Macintosh and other doctors from Guy’s Hospital played golf at Nuffield’s club near Oxford. Nuffield sought their advice when considering his many medical benefactions. In 1936, he said he would finance the creation of a Postgraduate Medical School at Oxford, and that he had earmarked funds to provide chairs in Medicine, Surgery and Obstetrics and Gynaecology. Macintosh jested: “I see that anaesthetics has been left out again”. Saying nothing, Nuffield then added a Chair in Anaesthetics to his benefaction. The University resisted this addition because anaesthetics was not considered to be an academic subject. Nuffield responded: no anaesthetics, no benefaction. In 1937, Macintosh was appointed to the Nuffield Chair of Anaesthetics at Oxford, the first such Chair in the Commonwealth, and the second in the World.¹

There were only 6 iron lungs in the country when the 1938 polio epidemic started. Seeing a need for machines to support breathing, Nuffield turned to Macintosh for advice. C Pratt, a physiologist in the Nuffield department, produced a film to show Nuffield the available devices, and Nuffield responded by offering to provide a tank ventilator for every British Commonwealth hospital requesting one. Fortuitously, an ingenious Australian engineer, Ted Both, was in England to try and interest the Ministry of Health in his new direct-writing ECG. He had recently designed and built a simple wooden version of the Drinker “iron lung” in Australia, and agreed to allow Nuffield to use his design (Fig. 56.6). By 1947 the Morris car factory had built 1,750 Both ventilators (450 for British hospitals). This was a remarkable achievement, considering the wartime limitation on the supply of materials and labour, and the fact that the factory was concurrently producing Oxford vaporizers for anaesthesia, and mine-sinkers and other armaments for war purposes.

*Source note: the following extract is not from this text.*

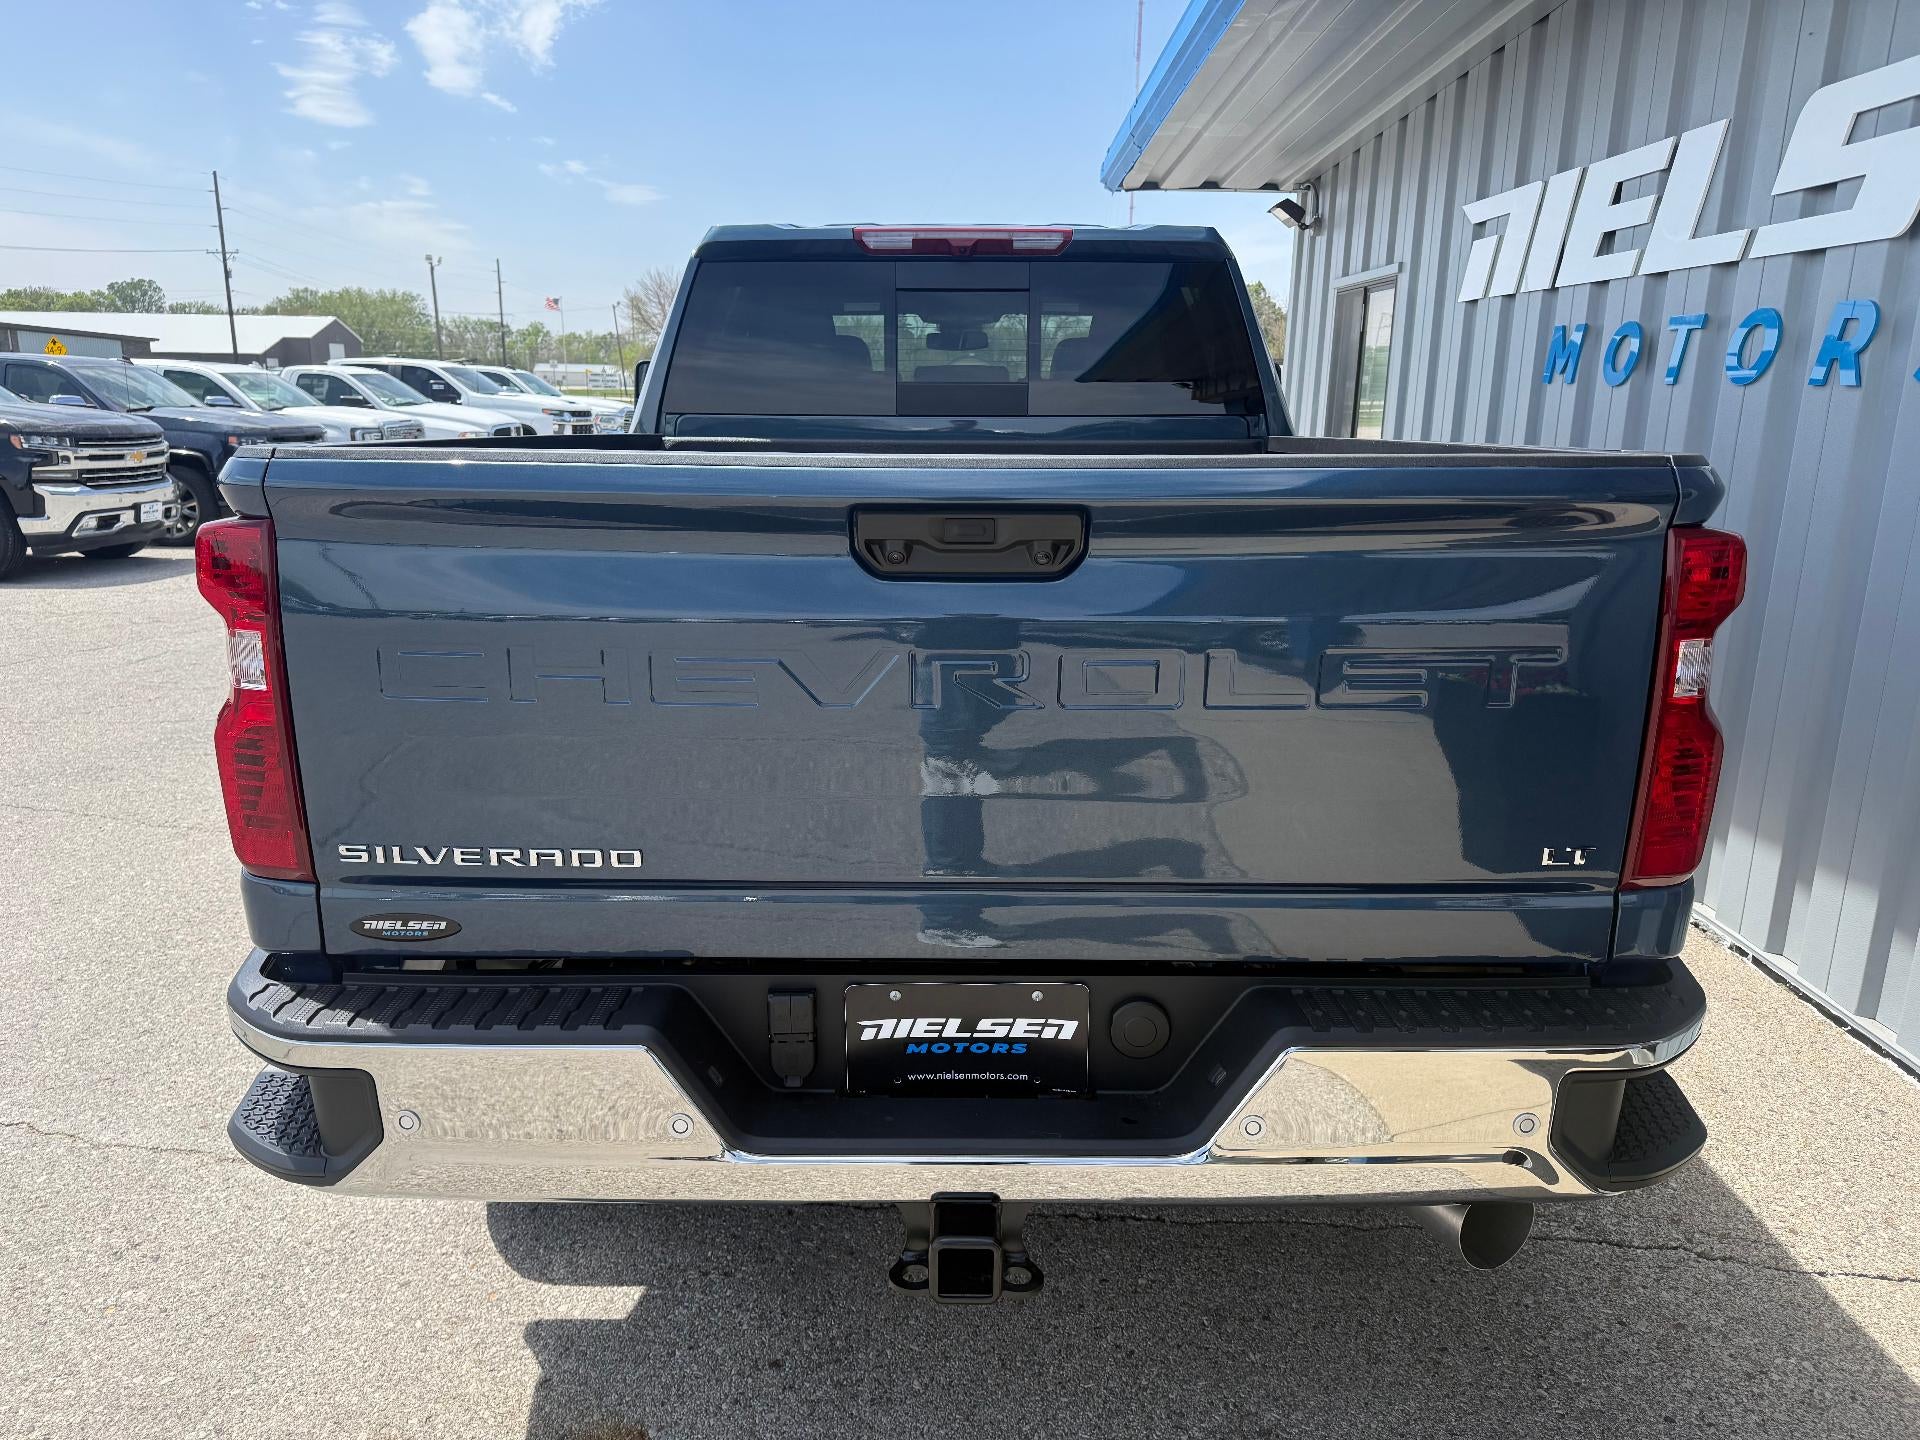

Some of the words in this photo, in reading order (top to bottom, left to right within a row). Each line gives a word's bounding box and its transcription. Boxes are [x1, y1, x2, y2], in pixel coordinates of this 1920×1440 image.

The Nuffield Department of Anaesthetics assumed responsibility for training medical and nursing staff in the use of the Both ventilator, and within five years of its introduction, the ventilator had supported respiration in patients with snakebite poisoning, diphtheritic diaphragmatic paralysis, and barbiturate poisoning, as well as poliomyelitis. In 1940, Macintosh attempted to tackle postoperative pain with large doses of morphine, treating the resultant respiratory depression with a Both ventilator. As he later wryly commented, “The idea did not catch on, since neither the patient nor the surgeon liked the idea of a patient waking up in a coffin.”

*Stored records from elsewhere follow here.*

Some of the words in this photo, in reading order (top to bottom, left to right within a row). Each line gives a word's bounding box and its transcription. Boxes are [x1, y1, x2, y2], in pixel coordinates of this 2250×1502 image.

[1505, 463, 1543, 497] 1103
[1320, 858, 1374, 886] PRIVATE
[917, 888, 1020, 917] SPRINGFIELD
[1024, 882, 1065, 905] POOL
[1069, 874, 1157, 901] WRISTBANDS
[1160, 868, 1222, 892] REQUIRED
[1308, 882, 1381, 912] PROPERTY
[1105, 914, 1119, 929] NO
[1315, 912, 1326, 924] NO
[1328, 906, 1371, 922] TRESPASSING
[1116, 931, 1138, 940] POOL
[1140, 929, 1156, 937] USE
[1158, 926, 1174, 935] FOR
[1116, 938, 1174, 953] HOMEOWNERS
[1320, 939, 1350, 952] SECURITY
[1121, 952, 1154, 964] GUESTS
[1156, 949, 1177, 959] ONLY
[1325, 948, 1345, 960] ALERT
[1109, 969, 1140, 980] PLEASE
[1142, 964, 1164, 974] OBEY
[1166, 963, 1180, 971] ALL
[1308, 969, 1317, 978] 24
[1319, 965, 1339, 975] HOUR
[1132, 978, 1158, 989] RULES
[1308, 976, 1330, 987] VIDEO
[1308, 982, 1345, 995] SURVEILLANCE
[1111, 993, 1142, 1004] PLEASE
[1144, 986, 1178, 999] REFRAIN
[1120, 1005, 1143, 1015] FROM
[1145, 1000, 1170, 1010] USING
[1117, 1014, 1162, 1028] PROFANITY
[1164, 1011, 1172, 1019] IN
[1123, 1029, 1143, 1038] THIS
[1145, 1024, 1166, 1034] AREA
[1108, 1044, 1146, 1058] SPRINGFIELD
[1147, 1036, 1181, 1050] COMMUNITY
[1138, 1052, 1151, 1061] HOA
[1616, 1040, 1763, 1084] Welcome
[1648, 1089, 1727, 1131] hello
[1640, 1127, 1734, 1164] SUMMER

The iron lung had major disadvantages: patients had to synchronise swallowing and phonation with the machine’s rhythm; the machine was bulky and expensive; the rigid walls of the device limited access to the patient and thereby hindered nursing care; and achievement of a satisfactory neck seal could cause discomfort and ulceration of the skin. Furthermore, paralysis of laryngeal or pharyngeal muscles often resulted in the aspiration of mouth secretions, lung collapse, pneumonia, and death. Inserting a tracheostomy tube could prevent aspiration, but the rubber neck seal on the iron lung impeded care of the tracheostomy. These disadvantages ultimately resulted in the demise of INPV.

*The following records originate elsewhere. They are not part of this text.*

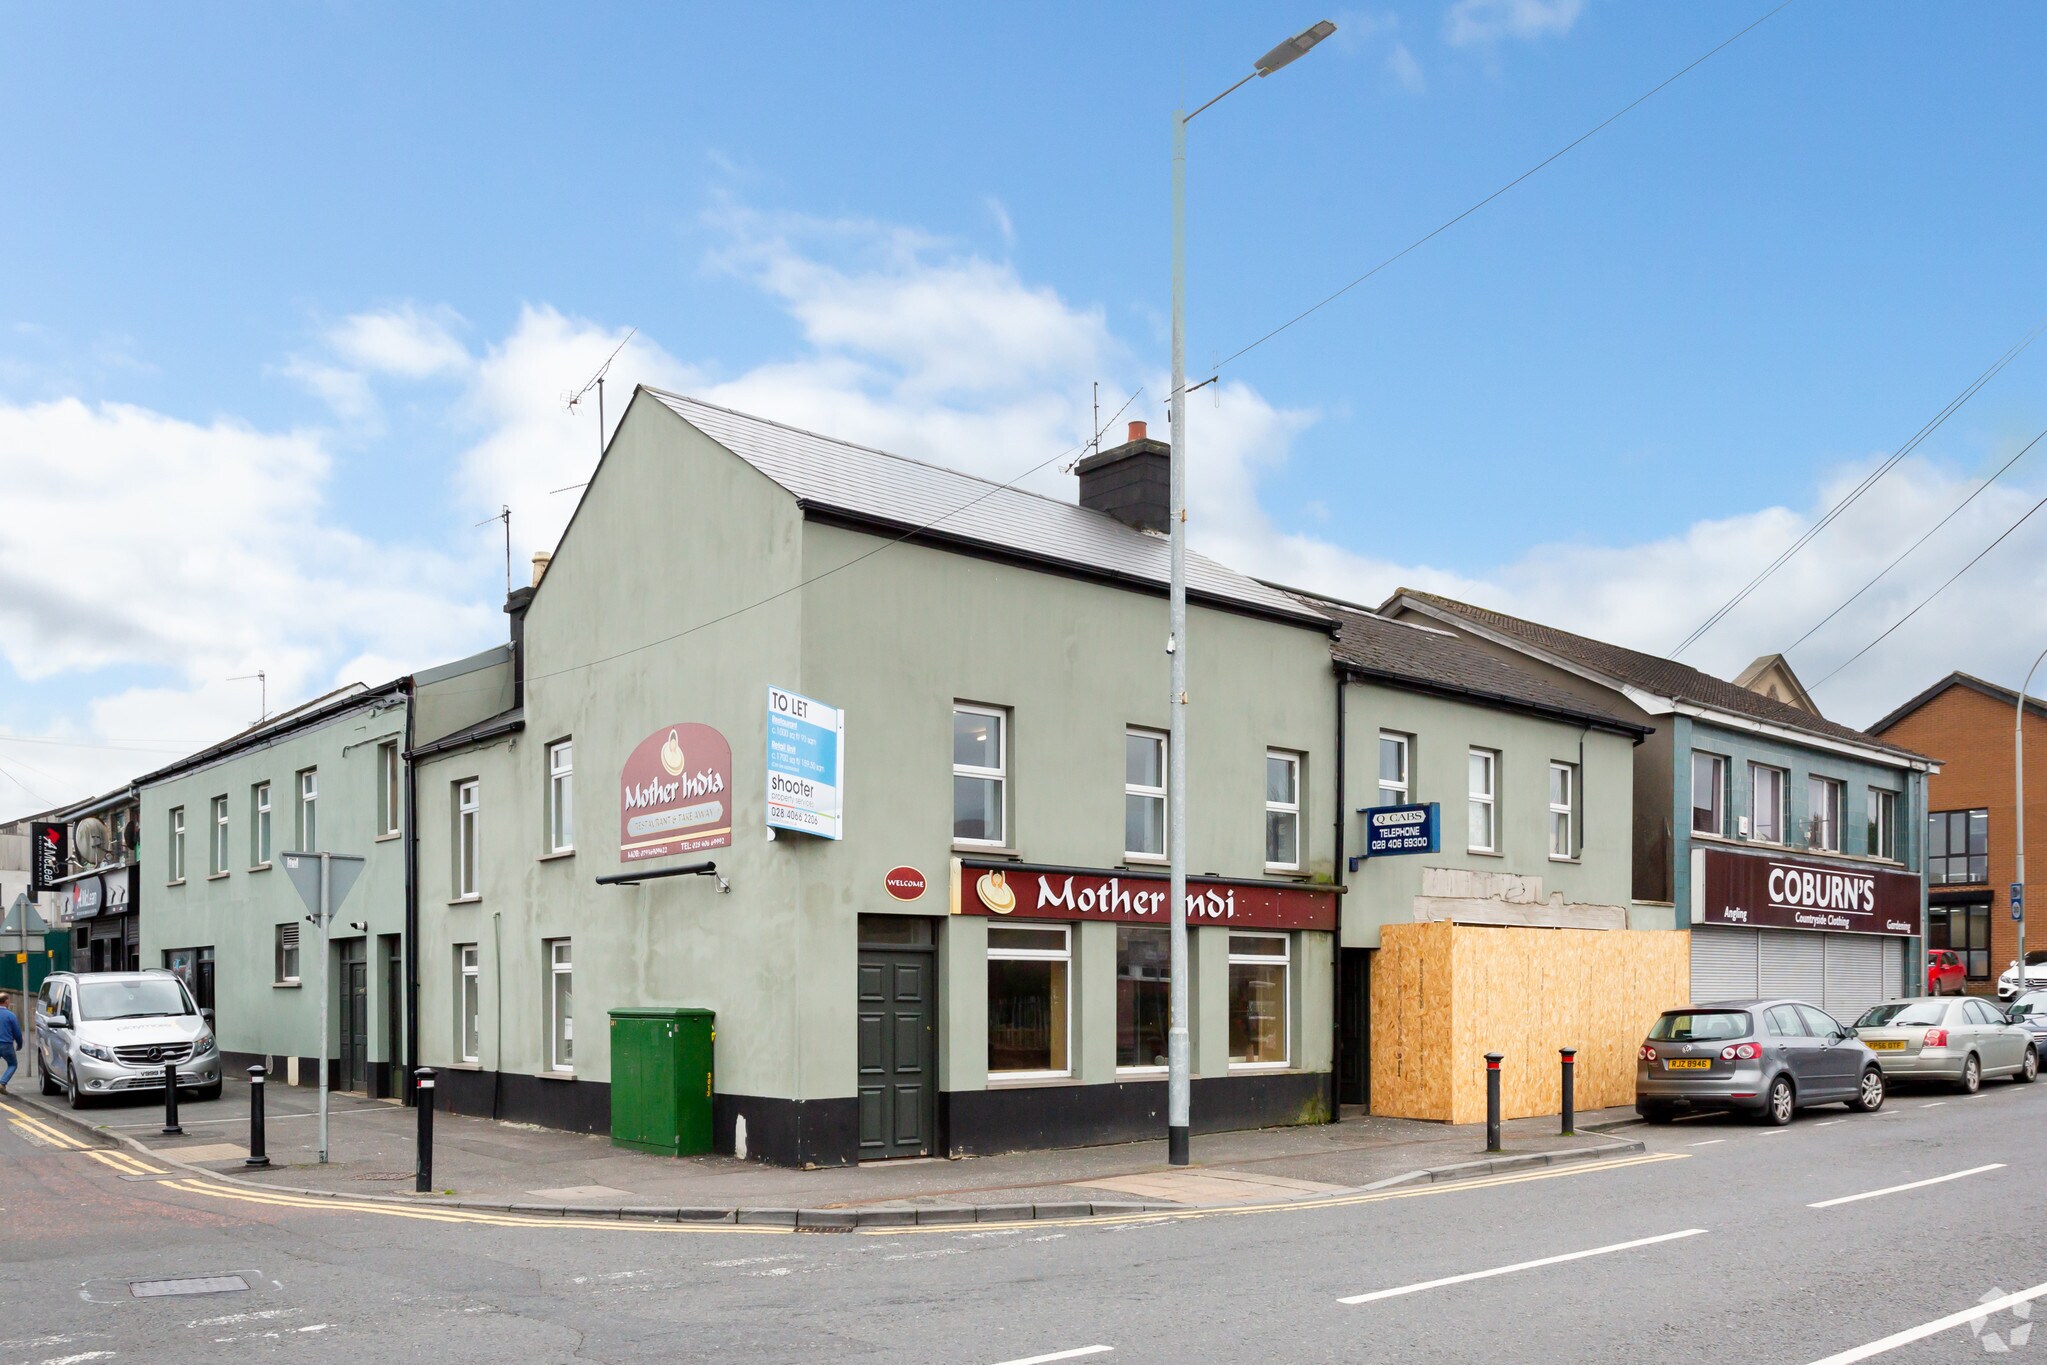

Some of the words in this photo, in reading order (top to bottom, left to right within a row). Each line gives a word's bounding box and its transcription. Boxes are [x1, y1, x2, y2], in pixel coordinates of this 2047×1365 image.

[772, 692, 788, 712] TO
[792, 698, 808, 718] LET
[625, 776, 680, 811] Mother
[682, 768, 725, 800] India
[772, 774, 814, 798] shooter
[771, 792, 794, 805] property
[678, 812, 693, 822] TAKE
[694, 808, 713, 819] AWAY
[772, 806, 785, 818] 028
[786, 810, 802, 822] 4066
[804, 813, 819, 826] 2206
[1376, 815, 1386, 825] Q
[1390, 812, 1422, 822] CABS
[1380, 826, 1420, 838] TELEPHONE
[680, 842, 692, 850] TEL:
[1372, 840, 1386, 850] 028
[1388, 839, 1402, 848] 406
[1404, 837, 1428, 848] 69300
[887, 879, 924, 888] WELCOME
[1768, 868, 1874, 912] COBURN'S
[1037, 875, 1166, 915] Mother
[1185, 888, 1234, 919] ndi
[1724, 906, 1748, 922] Angling
[1795, 912, 1827, 928] Countryside
[1828, 914, 1850, 930] Clothing
[1886, 919, 1912, 934] Gardening
[1672, 1060, 1686, 1068] RJZ
[1687, 1060, 1708, 1068] 8946

Toward the end of the nineteenth century, surgeons started to operate within the chest but opening the chest caused the lungs to collapse. In 1887, George Fell of Buffalo advocated the use a bellows and tracheostomy to inflate the lungs. Later he substituted a face mask for the tracheostomy. The next year Joseph O’Dwyer of New York (who had developed laryngeal tubes to maintain the airway in diphtheria) modified the technique by using a foot bellows that was connected to a laryngeal tube, and in 1899, Rudolph Matas, the innovative New Orleans vascular surgeon, reported that he had successfully used an anaesthetic modification of this apparatus to provide anaesthesia and ventilation during an operation to remove a chest wall tumour. He remarked at that time, that it was curious that surgeons had failed to use a technique that had been in use in the physiology laboratory since the time of Magendie [22].